Suatu Hari Nanti Kamu Pasti Kembali

Ditemani cahaya redup lampu tidurnya Nafisha termenung dalam kesunyian. Tiba-tiba ia teringat akan pemberian Adriell. Lalu ia mengambil tasnya dan mencari hadiah dari Adriell. Ia menatapkan dengan berharap sebuah kepastian akan datang.

"Aku akan menunggumu...

Aku yakin suatu hari nanti kamu pasti kembali kesini untuk menepati janjimu

Aku berharap sebuah kepastian itu akan datang." ucap Nafisha.

Nafisha mulai larut dalam tidurnya ia mulai hanyut dalam alam mimpinya.

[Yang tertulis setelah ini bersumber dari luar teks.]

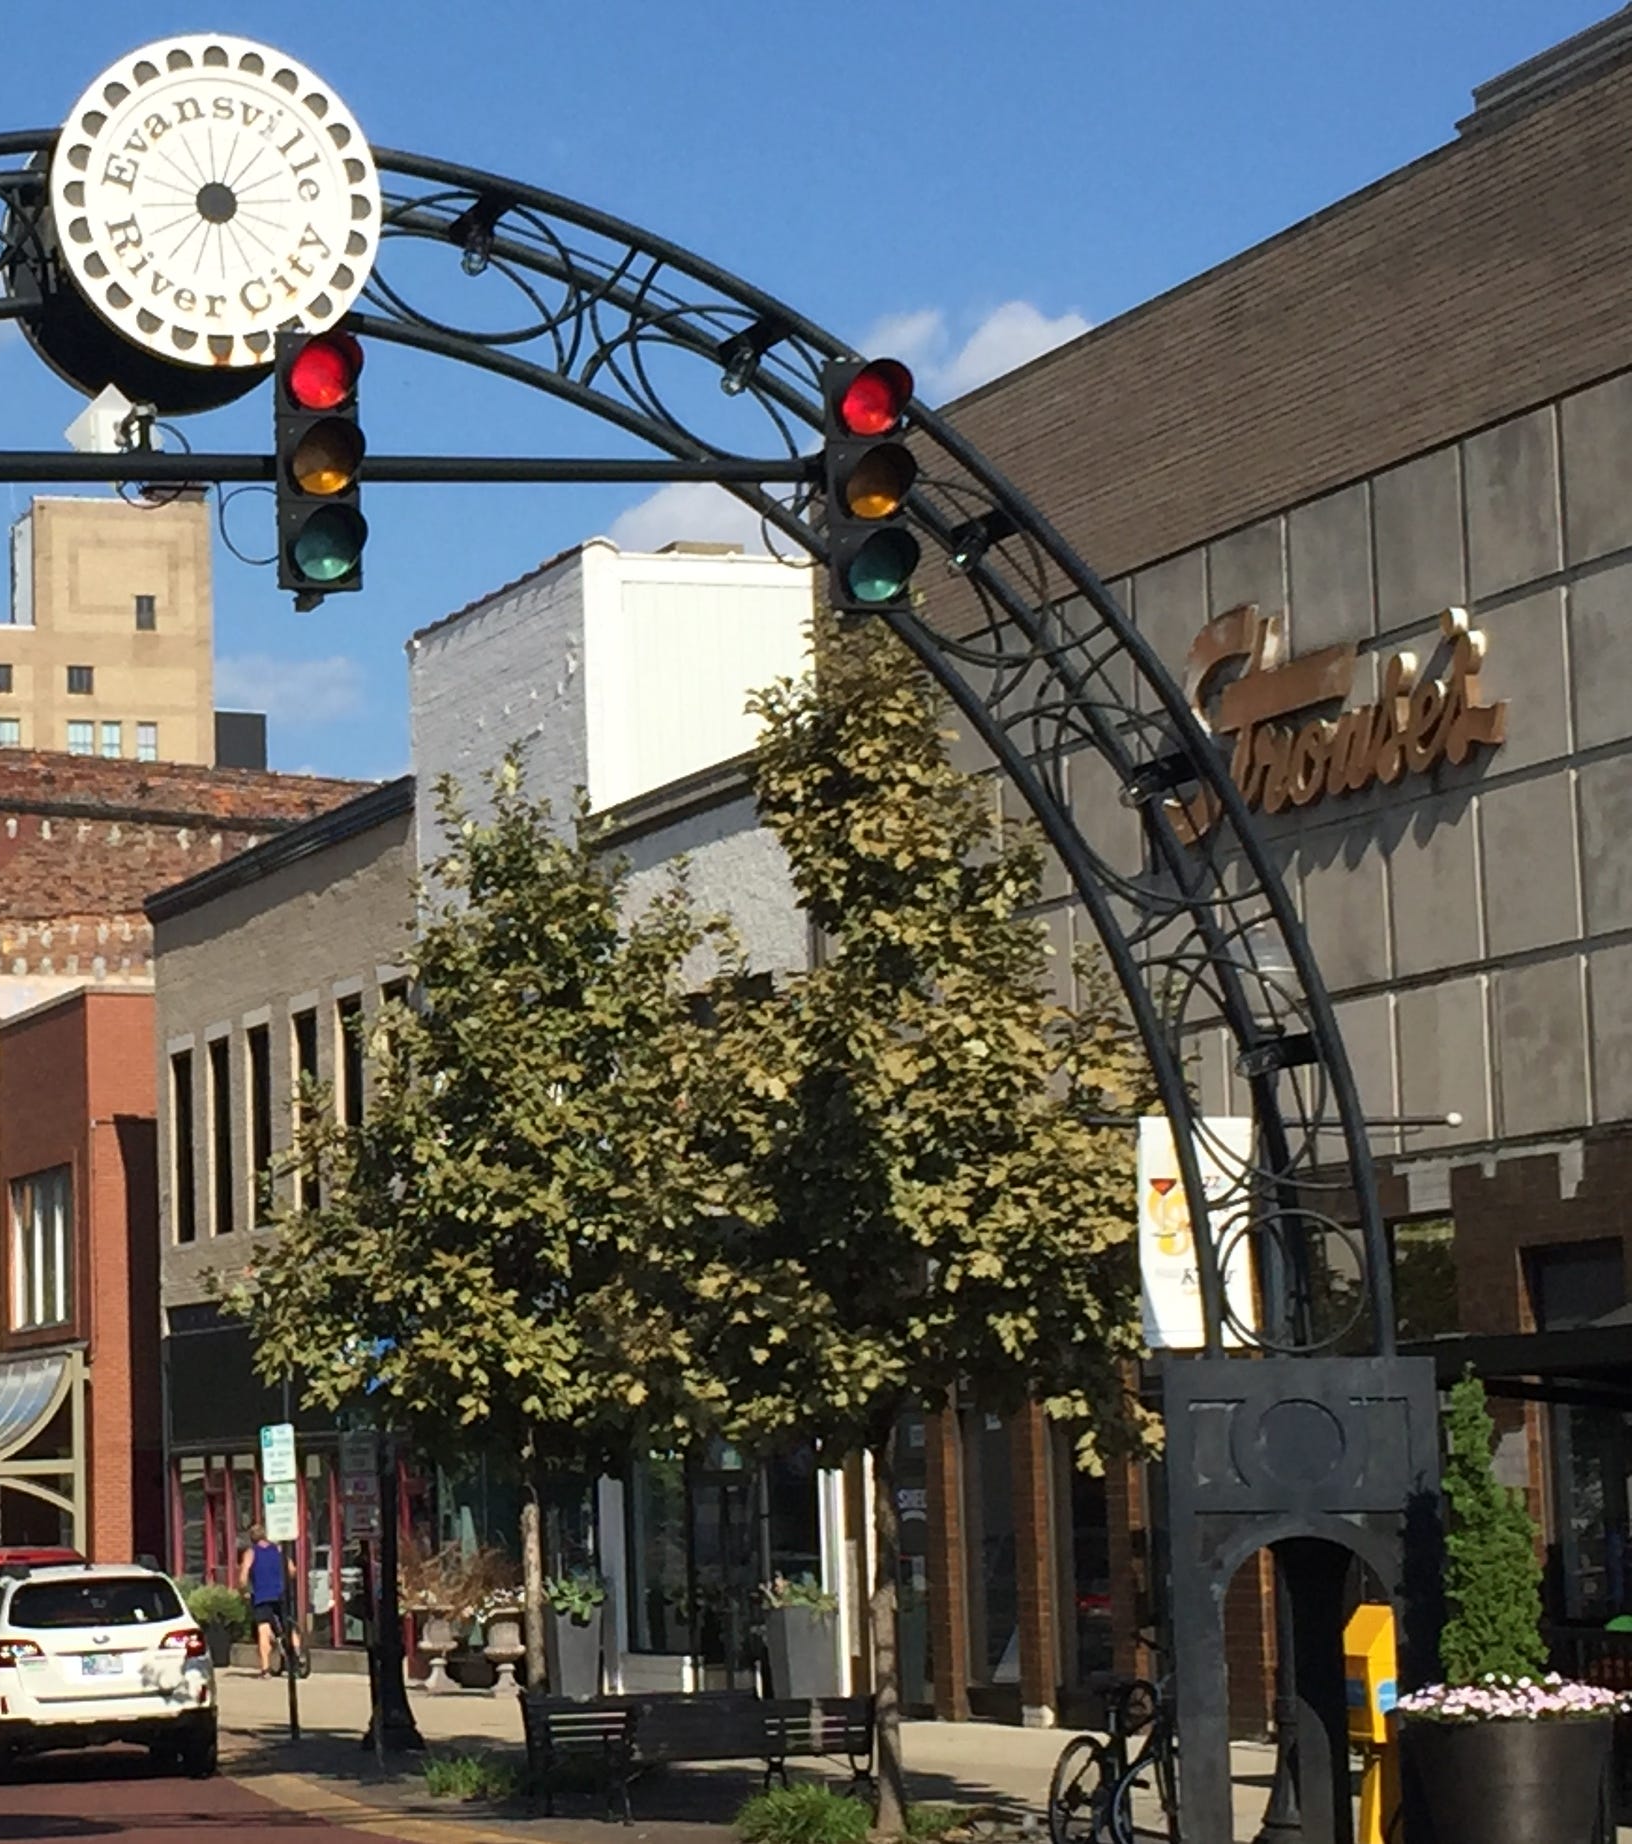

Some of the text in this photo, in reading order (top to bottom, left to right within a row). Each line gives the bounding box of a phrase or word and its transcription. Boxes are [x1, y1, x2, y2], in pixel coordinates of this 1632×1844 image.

[100, 95, 321, 203] Evansville
[104, 212, 332, 319] River City

Didalam kegelapan malam Nafisha sendirian didepannya terdapat sebuah kaca yang cukup besar. Tiba-tiba sebuah cahaya mengalihkan pandangannya ia berjalan mengikuti cahaya terang itu semakin jauh ia melangkah semakin redup pula sinar itu. Hingga akhirnya ia temukan sebuah sungai dengan suara gemericik air mengalir dengan derasnya. Ia mulai menuruni bebatuan sungai untuk dapat merasakan segarnya air itu namun sayang saat ia turun tiba-tiba ia terpeleset dan jatuh hingga kakinya menjadi luka.

"Mari ku bantu." ucap seorang lelaki yang wajahnya tak dapat dilihat Nafisha karena tertutup oleh gelap.

Lelaki itu membawanya ke sebuah gubuk tua didekat sungai. Saat ia memasuki gubuk itu tiba-tiba ia melihat hadiah Adriell disana. Ia pun mendekati benda itu dan melihatnya.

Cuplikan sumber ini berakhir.